Жандарм приблизился к веремейковцам, которые, оказавшись на майдане, сбились еще тесней, повел по лицам глазами, словно искал среди этих людей кого-то, кто был ему крайне нужен, потом круто, одним коротким движением повернулся спиной и мерно, будто считая шаги, направился к штакетнику. Потом так же снова повернулся к веремейковцам и чуть ли не след в след, не убыстряя и не замедляя хода, вернулся на то место перед толпой, где уже раз останавливался.

— В вашей деревне исчез наш солдат, — начал он по-русски чистым, литой меди, голосом, нисколько не повысив его, но так, что слышно было самым задним. — Я предупреждаю: если через десять минут солдата не разыщут, обвинение ляжет на всех вас. Если же солдата найдут убитым, обвинение опять же ляжет на вас. Но в этом случае, чтобы избежать наказания, вы должны будете назвать убийцу. Иначе расстреляем всех. Ни единая капля крови, даром пролитая солдатами великого фюрера, не может остаться без отмщения. Вы все обязаны знать об этом, знать сегодня, завтра, знать всегда. Кто староста?

Услышав, что именно ему, а не кому-нибудь другому первым надо откликнуться теперь, чтобы ответить на поставленный вопрос, Зазыба протиснулся вперед, произнес совершенно спокойно и тоже не слишком громко, совсем так, как говорит офицер:

— В деревне нету еще старосты.

— Почему?

Зазыба простовато пожал плечами, склонив голову слегка набок, но вдруг спохватился, что держит руки по швам, и тут же заставил себя согнуть правую в локте, дотянуться ею до носа и щипнуть за самый кончик — это было его излюбленной привычкой в затруднительные моменты.

Офицер, видно, тоже понял Зазыбове движение, поэтому особенно пристально вгляделся в его лицо, которое совсем не показалось ему простоватым, слегка прищурился и сказал с явным поощрением:

— Отлично. — Но тут же поманил средним пальцем левой руки Браво-Животовского, который стоял наготове неподалеку. — Господин полицейский, кто из ваших людей оставался тут, в деревне? — спросил он, чтобы услышали и остальные.

— Не знаю, — ответил Браво-Животовский, сразу принимая виноватый вид, мол, неожиданно это случилось, потому и не мог предусмотреть.

— Разузнайте и доложите! —приказал ему офицер. Браво-Животовский подскочил ближе к толпе, крикнул нетвердым голосом:

— Кого не было в Поддубище?

— Верней, кто был в это время в деревне? — поправил его жандарм, совершенно не выказывая раздражения, которое, конечно, кипело в нем, несмотря на внешнее спокойствие.
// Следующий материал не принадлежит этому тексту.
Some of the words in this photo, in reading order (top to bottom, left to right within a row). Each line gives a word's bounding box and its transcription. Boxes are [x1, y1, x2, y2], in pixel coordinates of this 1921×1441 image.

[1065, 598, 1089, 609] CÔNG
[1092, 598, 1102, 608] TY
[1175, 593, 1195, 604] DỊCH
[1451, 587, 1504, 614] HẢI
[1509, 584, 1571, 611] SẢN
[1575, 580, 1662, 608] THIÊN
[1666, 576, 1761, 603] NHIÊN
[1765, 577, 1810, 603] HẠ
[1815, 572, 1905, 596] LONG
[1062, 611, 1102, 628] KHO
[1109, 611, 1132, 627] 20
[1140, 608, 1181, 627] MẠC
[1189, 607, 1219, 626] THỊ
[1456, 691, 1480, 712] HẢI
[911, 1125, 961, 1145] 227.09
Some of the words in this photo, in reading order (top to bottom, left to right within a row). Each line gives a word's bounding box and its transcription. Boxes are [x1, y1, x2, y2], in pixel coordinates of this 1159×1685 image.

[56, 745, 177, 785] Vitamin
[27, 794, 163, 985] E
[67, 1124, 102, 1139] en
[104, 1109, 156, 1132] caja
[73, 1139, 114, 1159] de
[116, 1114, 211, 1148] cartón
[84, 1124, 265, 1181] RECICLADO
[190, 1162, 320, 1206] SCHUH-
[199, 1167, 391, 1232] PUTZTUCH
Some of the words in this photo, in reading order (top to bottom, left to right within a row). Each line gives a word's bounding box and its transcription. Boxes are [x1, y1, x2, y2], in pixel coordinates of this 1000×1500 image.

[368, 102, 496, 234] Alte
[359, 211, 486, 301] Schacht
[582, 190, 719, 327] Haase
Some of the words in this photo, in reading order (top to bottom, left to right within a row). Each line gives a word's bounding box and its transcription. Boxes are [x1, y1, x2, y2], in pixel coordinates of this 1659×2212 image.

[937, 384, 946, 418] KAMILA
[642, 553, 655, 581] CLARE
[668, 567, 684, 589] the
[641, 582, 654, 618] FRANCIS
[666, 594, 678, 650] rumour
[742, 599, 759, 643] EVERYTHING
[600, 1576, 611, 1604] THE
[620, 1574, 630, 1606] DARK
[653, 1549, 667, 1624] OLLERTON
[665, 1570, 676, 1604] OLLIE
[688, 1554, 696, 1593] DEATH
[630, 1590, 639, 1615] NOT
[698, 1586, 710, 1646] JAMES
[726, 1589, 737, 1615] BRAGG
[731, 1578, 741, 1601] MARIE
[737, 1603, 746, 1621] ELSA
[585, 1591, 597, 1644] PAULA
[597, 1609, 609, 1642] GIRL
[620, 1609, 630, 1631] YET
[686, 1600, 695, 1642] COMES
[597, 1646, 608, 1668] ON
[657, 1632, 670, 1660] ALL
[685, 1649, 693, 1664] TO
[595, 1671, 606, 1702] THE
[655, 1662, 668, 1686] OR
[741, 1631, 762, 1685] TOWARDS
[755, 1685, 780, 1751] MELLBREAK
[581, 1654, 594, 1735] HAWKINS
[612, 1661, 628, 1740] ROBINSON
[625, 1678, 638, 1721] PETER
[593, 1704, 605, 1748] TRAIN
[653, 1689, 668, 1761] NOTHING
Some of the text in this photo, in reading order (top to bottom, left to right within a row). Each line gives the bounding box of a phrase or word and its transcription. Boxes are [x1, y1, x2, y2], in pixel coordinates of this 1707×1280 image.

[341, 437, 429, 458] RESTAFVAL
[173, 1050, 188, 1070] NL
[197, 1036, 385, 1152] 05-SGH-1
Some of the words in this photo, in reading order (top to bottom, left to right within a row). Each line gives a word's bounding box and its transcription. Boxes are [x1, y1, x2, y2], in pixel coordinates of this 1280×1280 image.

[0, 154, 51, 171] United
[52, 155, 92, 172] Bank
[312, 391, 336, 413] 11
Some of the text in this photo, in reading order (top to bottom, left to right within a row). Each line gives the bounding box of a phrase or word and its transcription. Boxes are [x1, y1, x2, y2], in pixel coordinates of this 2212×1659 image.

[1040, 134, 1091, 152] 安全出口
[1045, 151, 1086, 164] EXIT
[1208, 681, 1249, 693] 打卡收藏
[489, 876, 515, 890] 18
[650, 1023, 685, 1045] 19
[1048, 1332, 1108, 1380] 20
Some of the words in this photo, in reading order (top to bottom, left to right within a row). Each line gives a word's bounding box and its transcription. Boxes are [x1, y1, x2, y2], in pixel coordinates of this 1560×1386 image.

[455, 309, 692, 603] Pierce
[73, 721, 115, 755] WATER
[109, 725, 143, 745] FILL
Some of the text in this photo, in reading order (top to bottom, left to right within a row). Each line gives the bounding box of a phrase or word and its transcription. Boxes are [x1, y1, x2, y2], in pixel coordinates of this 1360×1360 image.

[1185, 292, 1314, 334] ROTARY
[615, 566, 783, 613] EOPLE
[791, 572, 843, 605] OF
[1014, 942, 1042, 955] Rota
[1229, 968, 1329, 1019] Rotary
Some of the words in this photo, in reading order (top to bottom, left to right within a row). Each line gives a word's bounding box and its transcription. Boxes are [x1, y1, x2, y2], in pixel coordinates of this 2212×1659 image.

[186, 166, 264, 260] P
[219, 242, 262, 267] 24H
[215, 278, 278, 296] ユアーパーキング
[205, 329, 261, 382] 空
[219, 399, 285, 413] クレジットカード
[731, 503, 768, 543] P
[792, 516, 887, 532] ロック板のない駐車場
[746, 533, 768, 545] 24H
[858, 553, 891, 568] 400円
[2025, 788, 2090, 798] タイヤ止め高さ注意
— Да, кто оставался в деревне? — уже совсем теряясь, крикнул Браво-Животовский.

— Дак, сдается, никого, — шевельнулся в толпе Силка Хрупчик, почему-то слегка приседая. — Все ж наши в Поддубище ходили.

— Ты сам видел, Антон, — подал голос из-за спин деревенских и Роман Семочкин, который после случая у криницы надолго притих и совсем не обнаруживал своего присутствия. — Мужики все были на разделе. Это можно даже теперя перечислить. А бабы… Дак бабы, сам знаешь…

— Да не могли наши бабы убить человека, — несмело отозвалась Рипина Титкова. — Это же не петух…

Браво-Животовский повернулся к офицеру, вздернул плечи — мол, сами видите. Но тот не принимал никаких оправданий. Согнул руку в локте и глянул на круглые, похожие на компас, желтые часы.

— На размышление вам две, нет, даже две с половиной минуты. Если за это время не будет найден наш солдат, обвинение ляжет на вас. Если же… — И он опять почти слово в слово принялся повторять то, что говорил раньше.

Странно, но только теперь веремейковцы по-настоящему поняли реальность угрозы.

— А, людочки, что ж то будет! — заголосила с краю Ганнуся Падерина, почему-то отталкивая от себя плотно стоявших женщин.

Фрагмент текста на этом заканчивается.